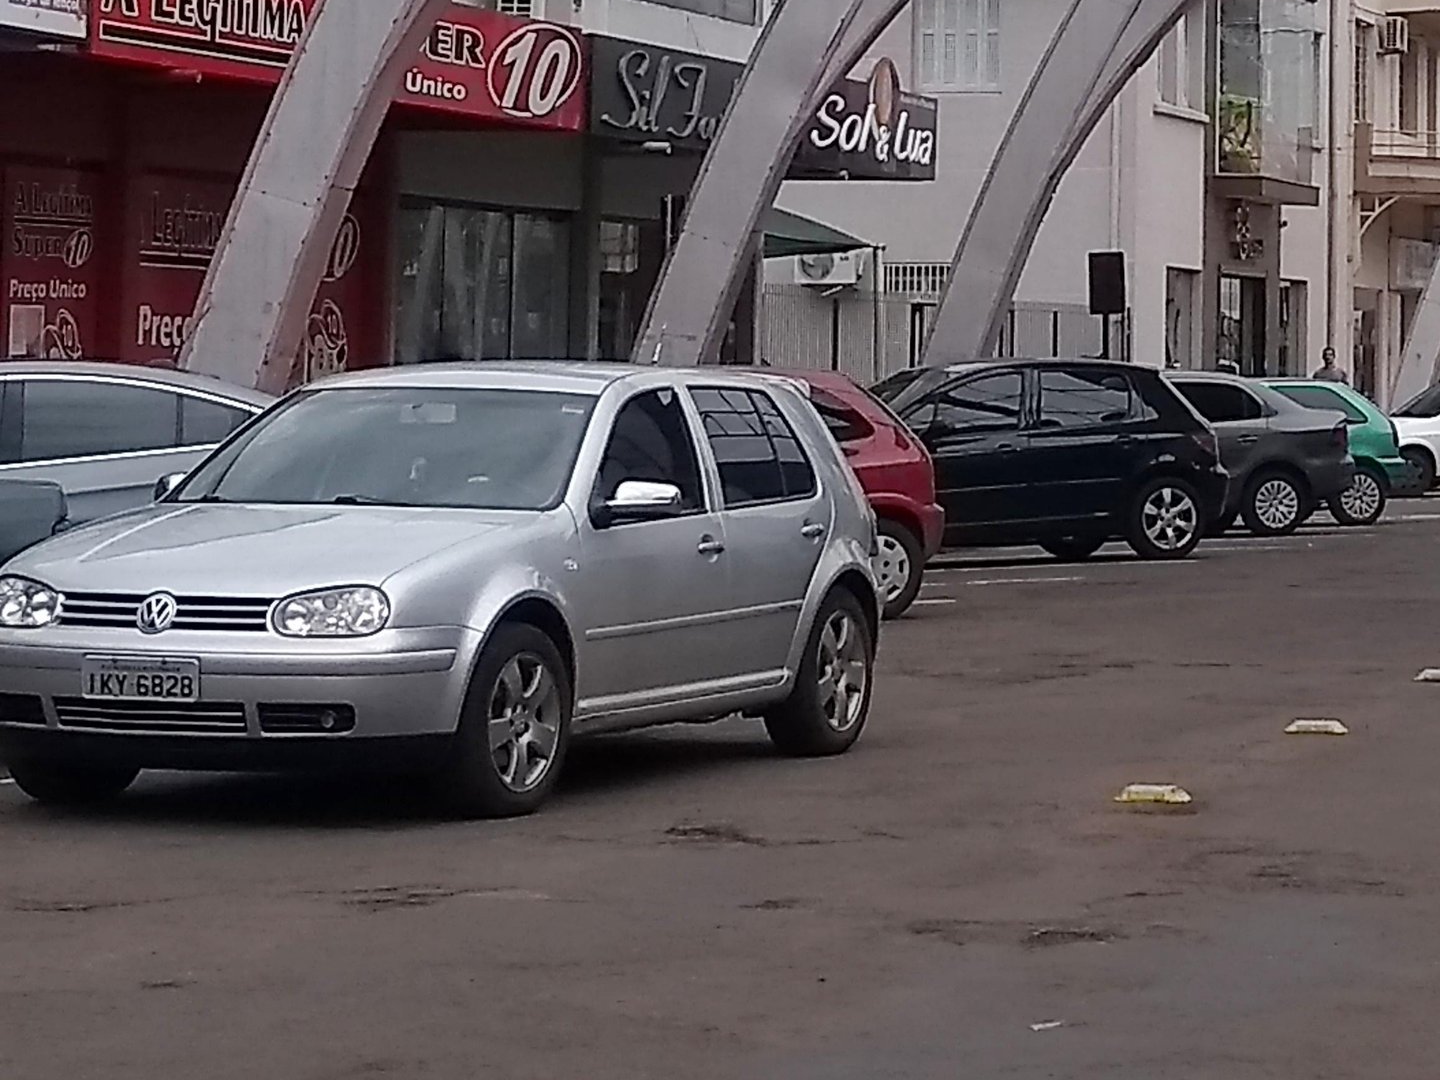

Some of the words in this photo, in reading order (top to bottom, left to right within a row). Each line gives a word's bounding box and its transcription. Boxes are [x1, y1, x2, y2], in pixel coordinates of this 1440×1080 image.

[406, 68, 467, 101] Único
[421, 21, 486, 68] ER
[503, 32, 571, 116] 10
[810, 94, 879, 152] Sol
[875, 125, 891, 162] &
[894, 111, 933, 165] Lua
[64, 231, 91, 267] 10
[9, 278, 47, 302] Preço
[49, 275, 87, 298] Único
[89, 672, 128, 696] IKY
[136, 674, 193, 698] 6828
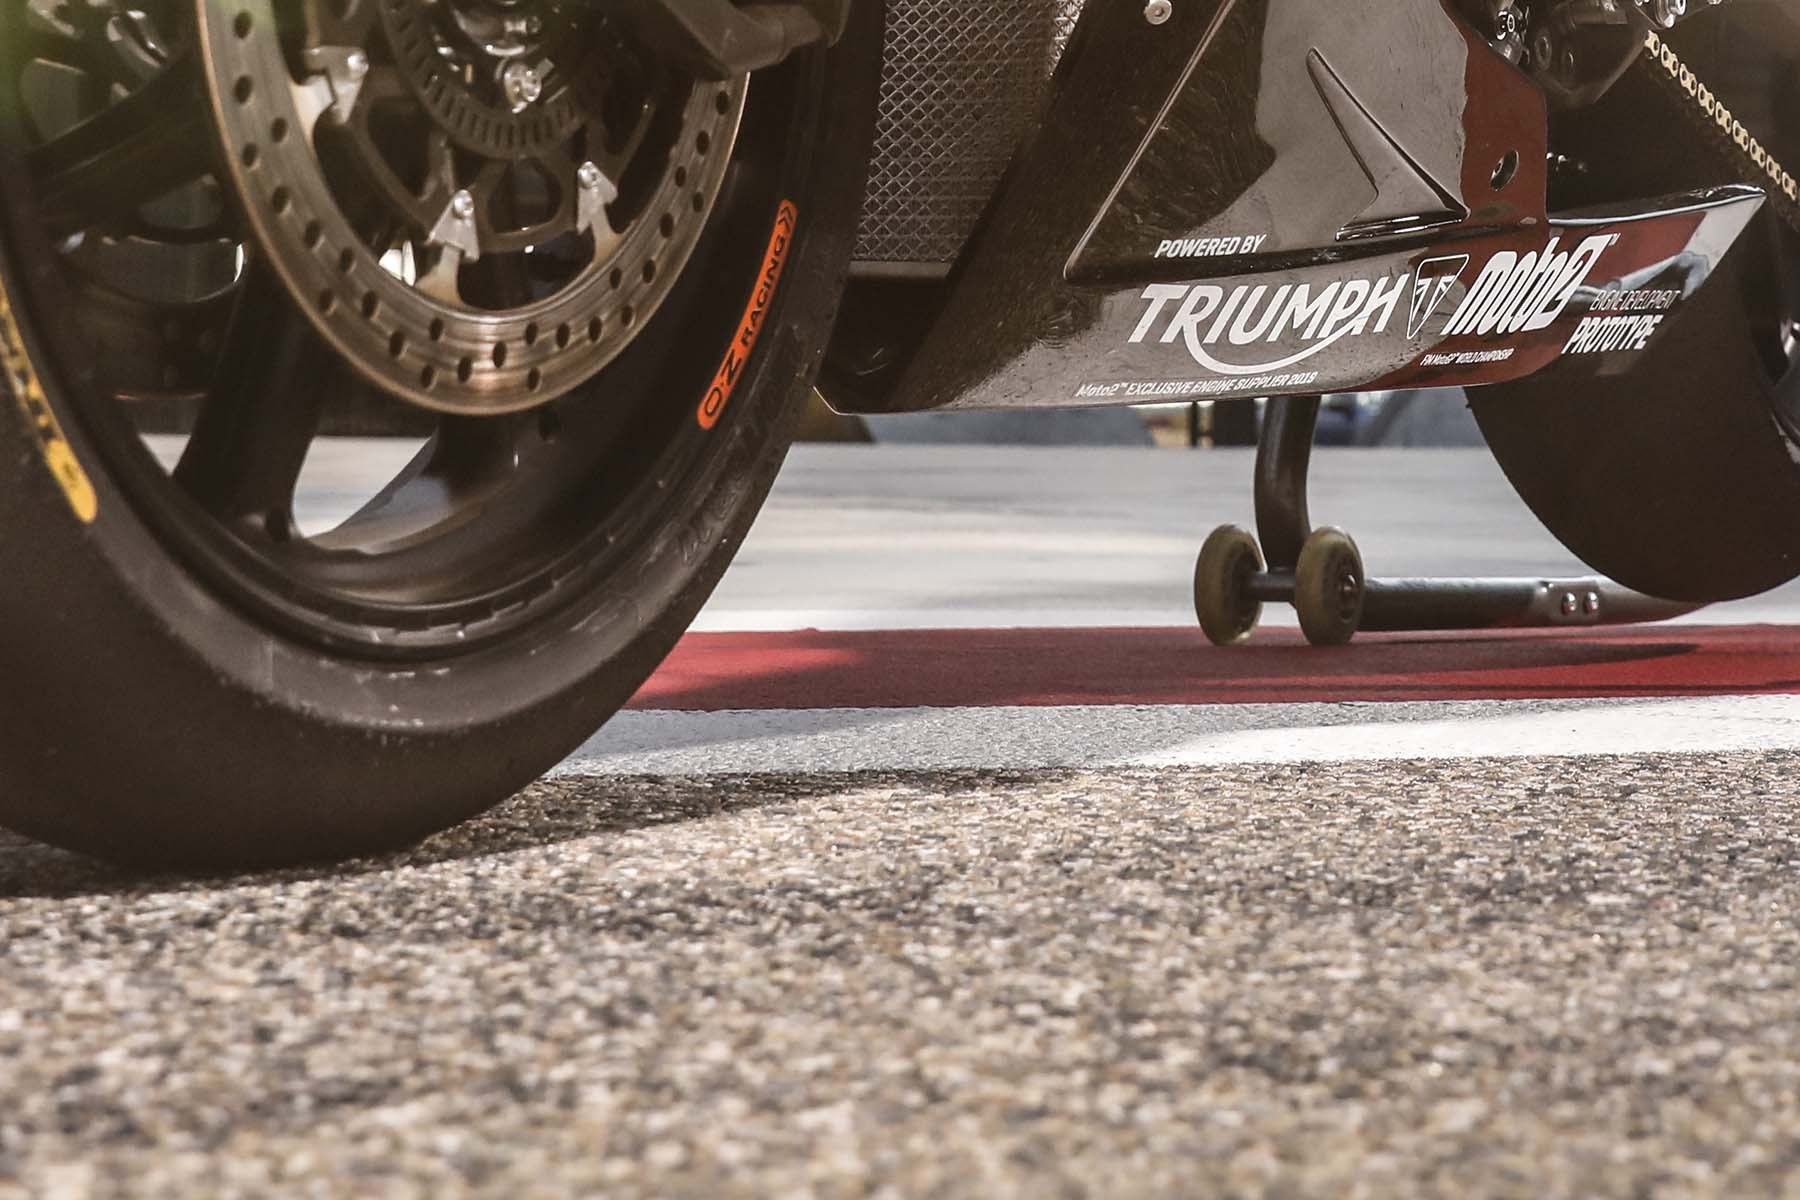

Exercise brief:
Your answer should set down the listing verbatim and leave out its images.

Output for this task:
Some of the words in this photo, in reading order (top to bottom, left to right within a row). Each line gives a word's bounding box and its transcription. Boxes are [x1, y1, x2, y2], in pixel coordinates of this 1440×1080 image.

[406, 68, 467, 101] Único
[421, 21, 486, 68] ER
[503, 32, 571, 116] 10
[810, 94, 879, 152] Sol
[875, 125, 891, 162] &
[894, 111, 933, 165] Lua
[64, 231, 91, 267] 10
[9, 278, 47, 302] Preço
[49, 275, 87, 298] Único
[89, 672, 128, 696] IKY
[136, 674, 193, 698] 6828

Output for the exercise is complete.